Unlike data, knowledge is inherently valuable in isolation (it does not need to get aggregated).
Based on knowledge flow: Only the relevant knowledge makes it to the surface and nothing else.
You have probably heard the phrase “Come for the tool, stay for the network,” or its opposite. The knowledge network is built on different ideologies: you don’t come for anything and you don’t have to stay for anything. Instead, the knowledge will come to you as long as you need it.
Have you ever heard Clayton Christensen’s story with Andy Grove? If not, please check it out here (from minutes 4:50 to 6:55). These two minutes are the spark behind the knowledge network. The ripple effects of Christensen’s wisdom keep inspiring us, even when he is no longer with us.
As you can see, obstacles are always in the path of knowledge. To this day, despite exponential technological improvements in connectivity, the above two worlds (thought leaders and business leaders) are still innovating, albeit in a fragmented fashion. As such, day after day, we realize the importance of Hagel’s call to action;
Now let us unpack the core of the knowledge network.

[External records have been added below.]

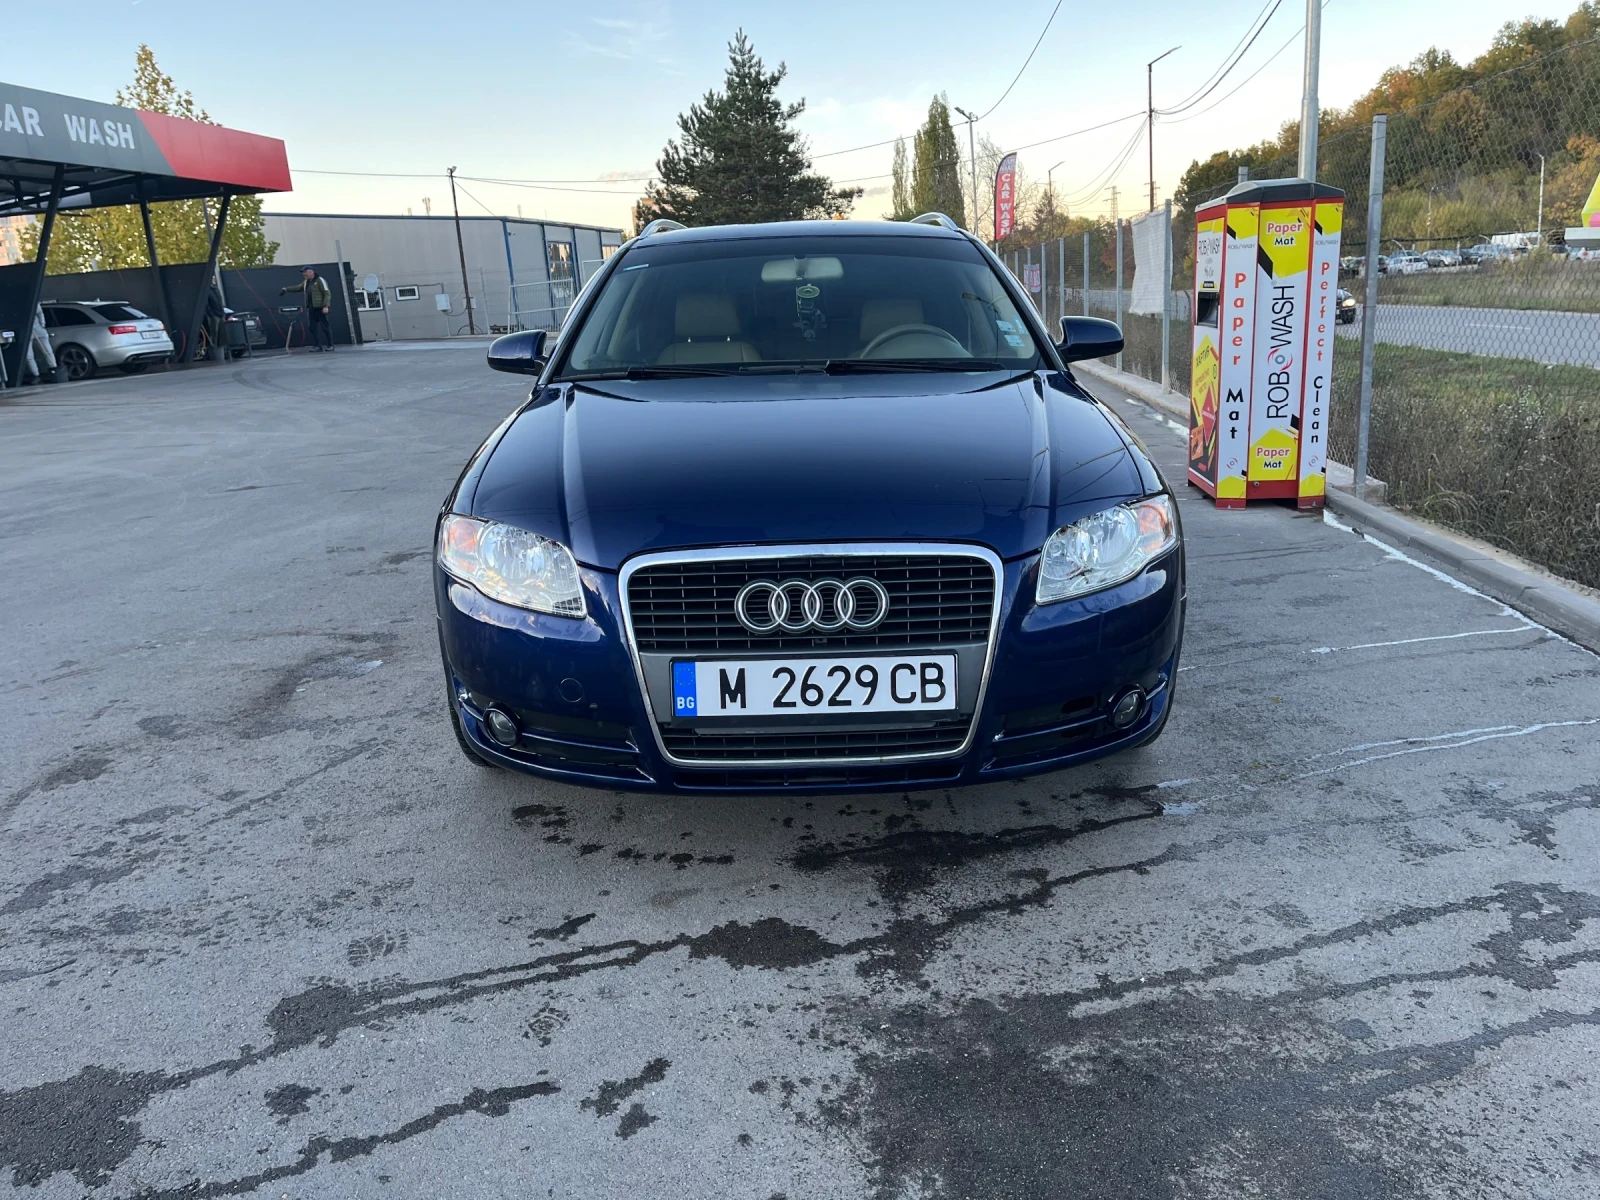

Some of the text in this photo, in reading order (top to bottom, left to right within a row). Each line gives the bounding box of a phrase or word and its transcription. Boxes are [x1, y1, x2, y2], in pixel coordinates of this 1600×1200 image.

[0, 103, 135, 149] AR WASH
[1001, 173, 1011, 199] CAR
[1000, 202, 1012, 236] WASH
[1267, 222, 1303, 235] Paper
[1274, 236, 1294, 246] Mat
[1226, 272, 1247, 439] Paper Mat
[1311, 261, 1330, 443] Perfect Clean
[1256, 447, 1290, 459] Paper
[1263, 460, 1282, 469] Mat
[719, 662, 946, 709] M 2629 CB
[676, 696, 695, 709] BG

The first unique feature that distinguishes the knowledge network from other types of network effects is that the network is the value proposition: the knowledge network is not separate from the product/service. Be it a one-to-one, one-to-many, or many-to-one interaction, people interact to obtain knowledge. In other words, people access the knowledge network to gain knowledge and leave the network once the requested knowledge is acquired. Having a value proposition that is, in itself, a “network effect” will redefine the interplays between growth and defensibility.

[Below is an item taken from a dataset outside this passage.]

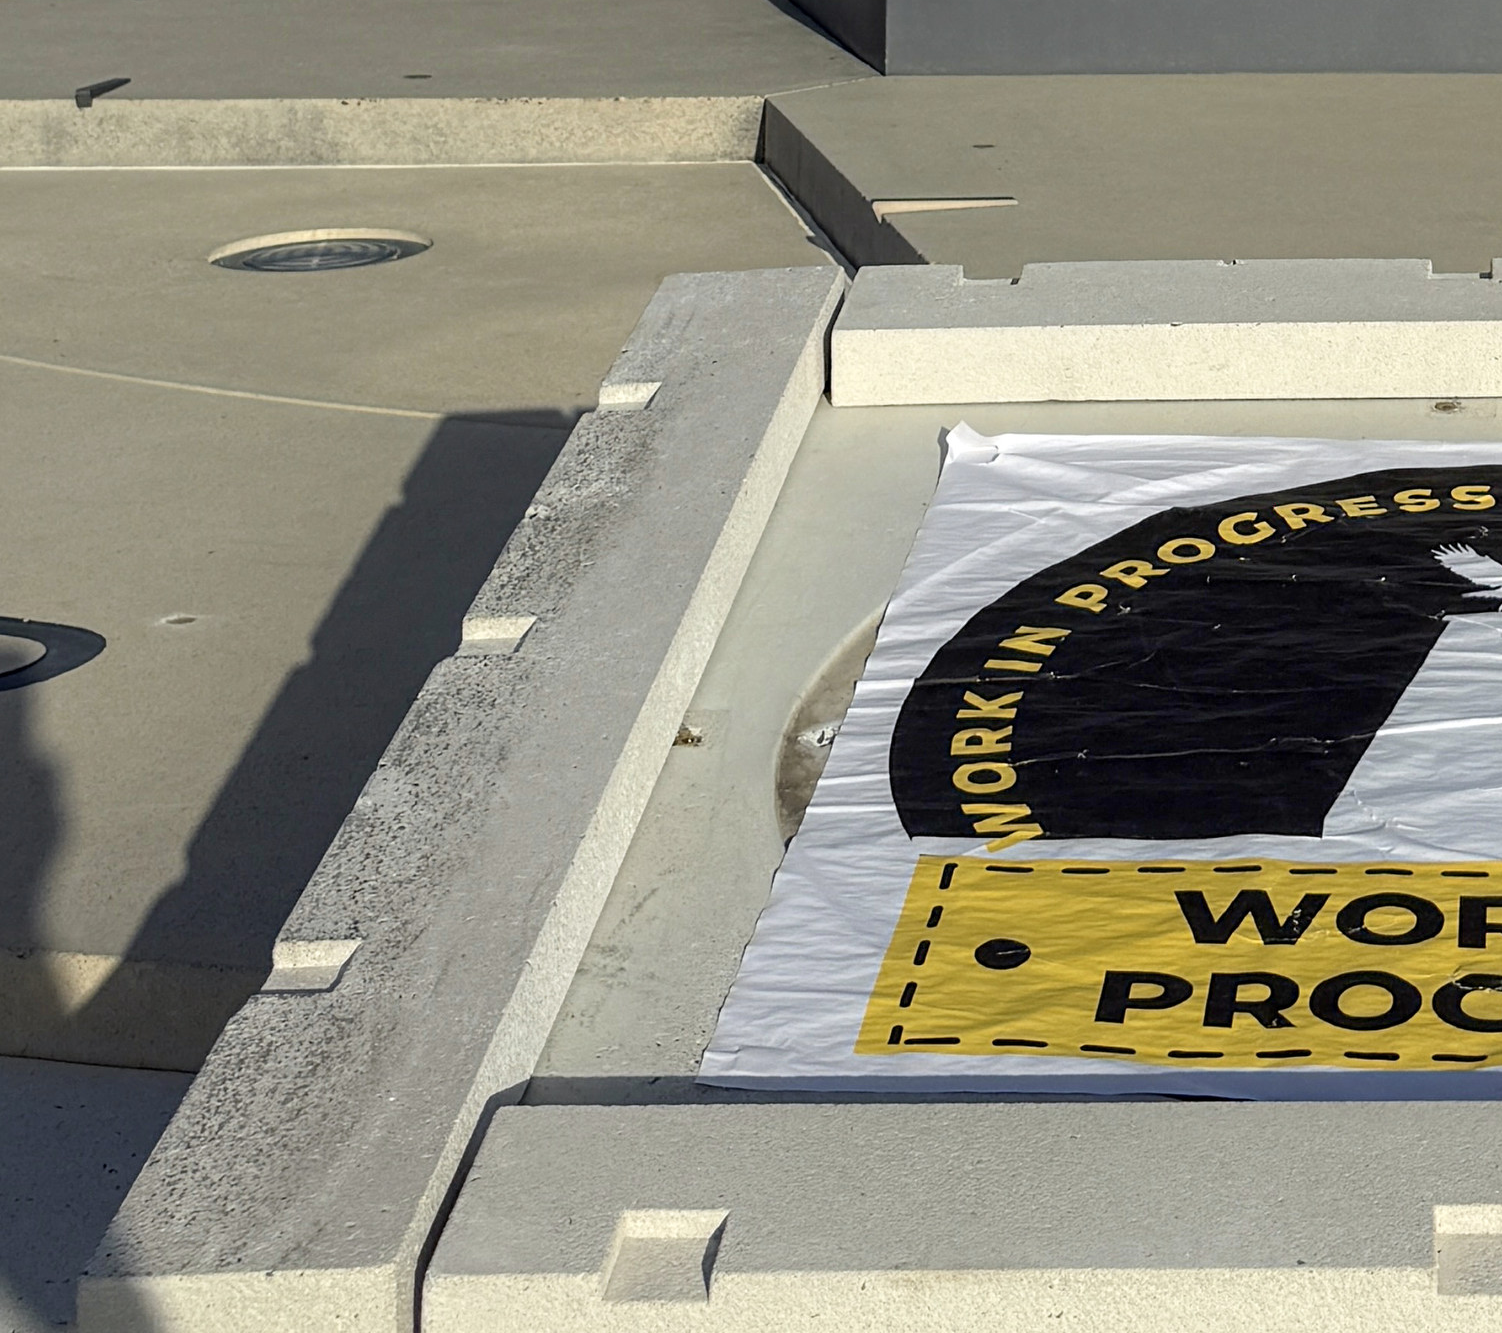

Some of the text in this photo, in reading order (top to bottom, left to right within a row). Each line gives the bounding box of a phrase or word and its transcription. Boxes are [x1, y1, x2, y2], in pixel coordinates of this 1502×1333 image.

[1056, 484, 1495, 613] PROGRESS
[983, 625, 1073, 673] IN
[950, 690, 1044, 854] WORK

Moreover, the knowledge network is immune to the duality of destination vs. distribution, simply because in the knowledge network, “the value proposition” resides in your pocket: an updated version of your phone book (a universal phone book) that enables people to connect quickly and frictionlessly.
It will help to visualize placing the knowledge network in a black box. The objective of the black box is to safeguard the flow of knowledge between the relevant parties (what happens in the black box stays in the black box).
To streamline the flow of knowledge, the black box will:
- Commoditize Time: For example, an executive can call business thinkers at any time based on their availability, regardless of working hours’ limitation.
- Commoditize Payment: This is like the prepaid card concept (here, you buy time in advance and then spend your time as per your need with whom you wish).
- Modularize Access: Because of the payment commoditization technique, you can access a Nobel prize winner the same way you reach your friend.
- Differentiate the Knowledge Flow: leveraging on the above, you can engage in a frictionless way to obtain and share knowledge.
This black box consists of three interdependent stacks (applying Hagel’s unbundling the corporation concept), with each stack representing a full-fledged business.
The customer relationship stack is responsible for on-boarding the supply and demand sides, handling logistics, disputes, and conflict resolutions, and much more (we will cover the other two stacks in part II of this journey).
Now, lean back and imagine yourself (as an entrepreneur) coming up with a revolutionary technology that can detect COVID-19 in the air or on any surface and terminate it immediately. Andreessen Horowitz approaches you to fund your unicorn startup. To ensure that you have access to any needed knowledge, both Marc and Ben make sure to register you in the black box and buy you ten hours of “knowledge flow” worth $10,000.
You type in their names, and the black box displays their availability, hourly rates, etc. With a click, the black box starts ringing. The same ringing on the other side means guaranteed (hourly rate) money: the moment Alex, Eric, or Steve answers the call, their hourly rates get debited from your balance and credited into their accounts.